LiveMint logoLiveMint 16-05-2017 Abhiram Ghadyalpatil

Mumbai: The Maharashtra legislature will hold a special session from 20-22 May to discuss and ratify the Goods and Services Tax (GST) Bill, 2017, to pave the way for the national roll-out of GST on 1 July.

Last week, the state cabinet approved a draft Maharashtra GST Bill which will be tabled during the special sitting. The Maharashtra bill seeks to protect the financial powers and autonomy of local self-government bodies in the state.

Maharashtra had ratified the GST Constitutional Amendment Bill in August 2016. On 6 April, Parliament passed four GST bills which now have to be ratified by all states to enable the shift to GST on 1 July.

Earlier this month, Shiv Sena, Bharatiya Janata Party’s (BJP) ally in state and at the Centre, raised objections to the GST, arguing that the introduction of a single tax across the country would nullify local taxes like octroi duty that the civic bodies collect. Shiv Sena pointed out that the Brihanmumbai Municipal Corporation (BMC), which it rules, may lose nearly Rs7,000 crore on account of octroi getting subsumed after the introduction of GST.

In order to accommodate Shiv Sena’s demands, the draft GST Bill passed by the state cabinet has a provision to compensate the BMC and other local bodies for the loss of their sources of revenue. The bill was passed after Shiv Sena president Uddhav Thackeray told Maharashtra finance minister Sudhir Mungantiwar that the BMC should not be made to beg for compensation and that there should be a statutory provision to compensate the BMC.

In the 288-member Maharashtra assembly, Shiv Sena’s support is essential for the BJP for passage of key bills. The BJP has 122 members and Shiv Sena 63.

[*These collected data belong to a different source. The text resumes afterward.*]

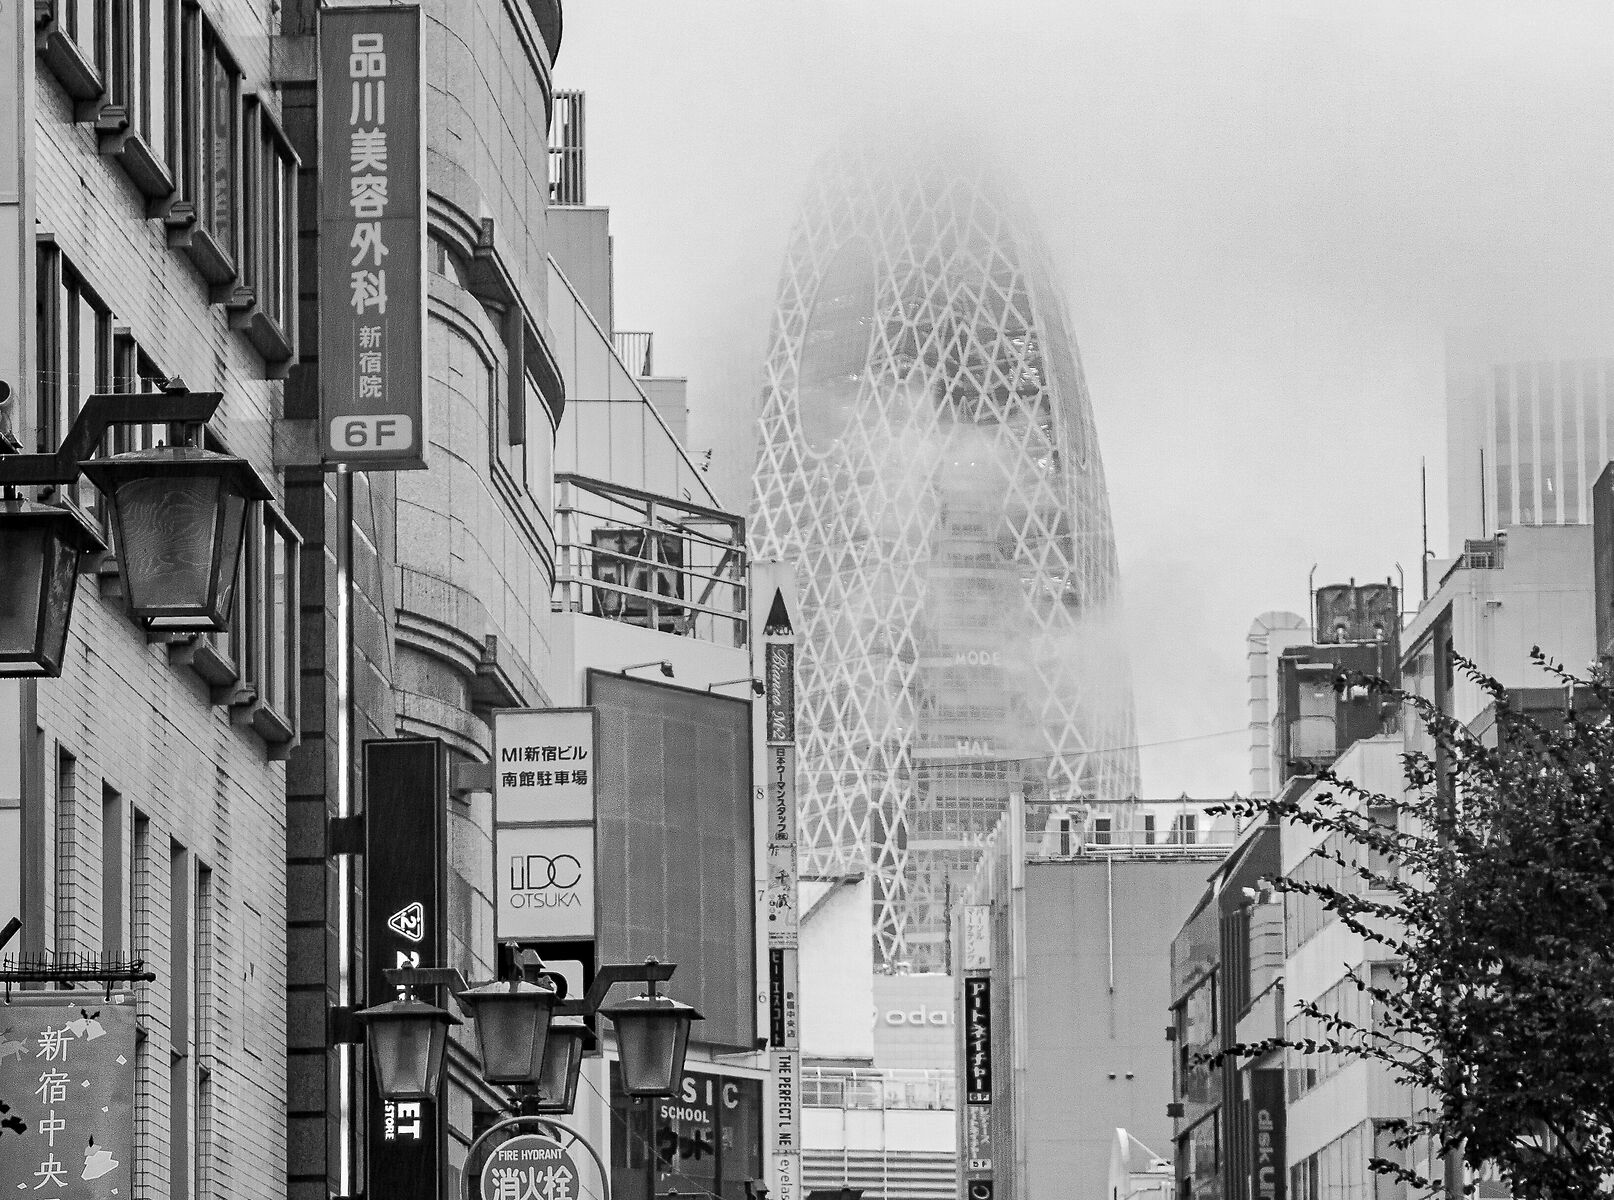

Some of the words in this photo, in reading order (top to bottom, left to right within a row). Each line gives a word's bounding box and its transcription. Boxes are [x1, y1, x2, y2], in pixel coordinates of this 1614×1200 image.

[350, 33, 389, 315] 品川美容外科
[358, 325, 382, 399] 新宿院
[344, 420, 397, 447] 6F
[502, 746, 588, 763] MI新宿ビル
[957, 741, 995, 756] HAL
[501, 770, 588, 787] 南館駐車場
[756, 788, 765, 800] 8
[511, 855, 581, 890] IDC
[510, 893, 581, 909] OTSUKA
[886, 1004, 954, 1024] oda
[779, 1055, 792, 1074] THE
[680, 1076, 740, 1109] SIC
[778, 1076, 792, 1120] PERFECT
[660, 1105, 710, 1123] SCHOOL
[499, 1150, 520, 1162] FIRE
[521, 1149, 564, 1161] HYDRANT
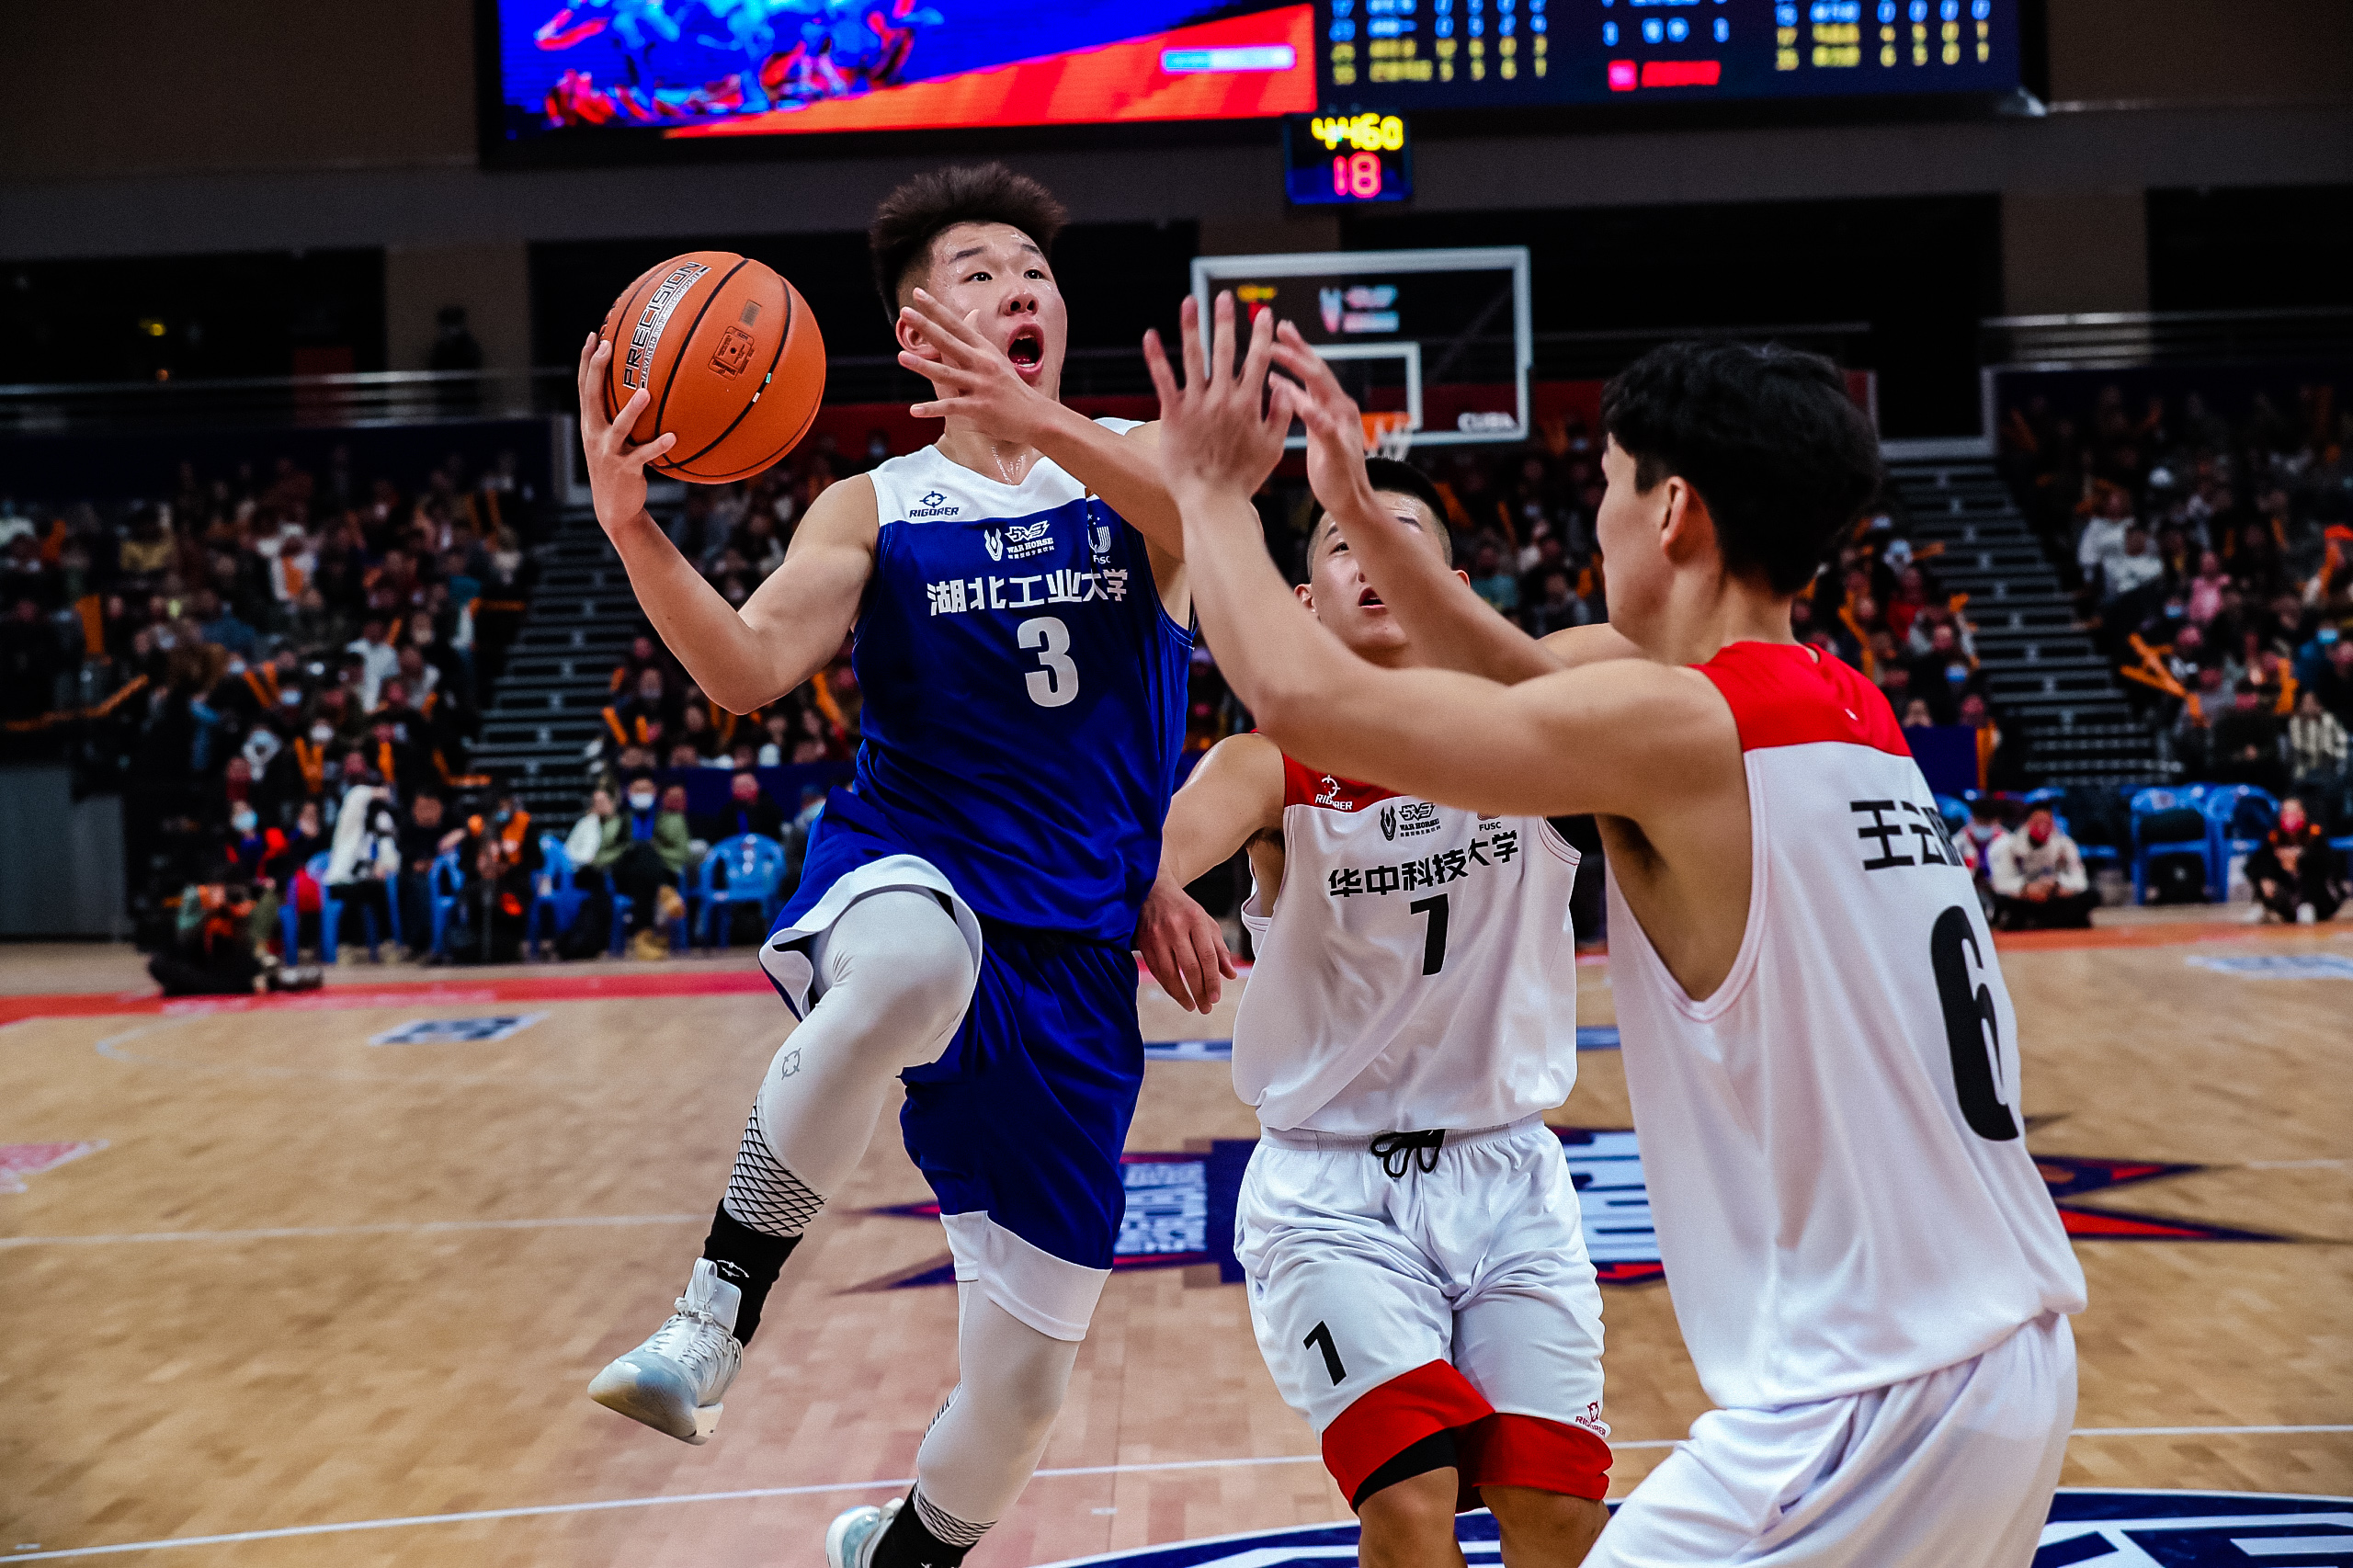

The draft bill seeks to address some of the key concerns raised by the Shiv Sena. For instance, the BMC will be compensated each month for loss of octroi after the introduction of GST. The bill has a clause which says the amount of compensation will be credited to the BMC’s bank account by the fifth day of each month. In order to get Sena on board before the special session, Mungantiwar met Thackeray at the latter’s residence last week to convince him that the introduction of GST will not cripple the fiscal health and autonomy of BMC.

According to a Maharashtra finance department official, who did not wish to be named, the GST introduction would lead to abolition of several state taxes like sugar purchase tax, state’s share in central sales tax, entry tax on vehicles and goods manufactured in other states, lottery tax, octroi and local body tax. “The local self-government bodies will take the biggest hit because they collect most of these charges or have a share in them. The bill passed by the cabinet also has a provision by which the state government can assign some of its taxes to local bodies to compensate them,” the official said.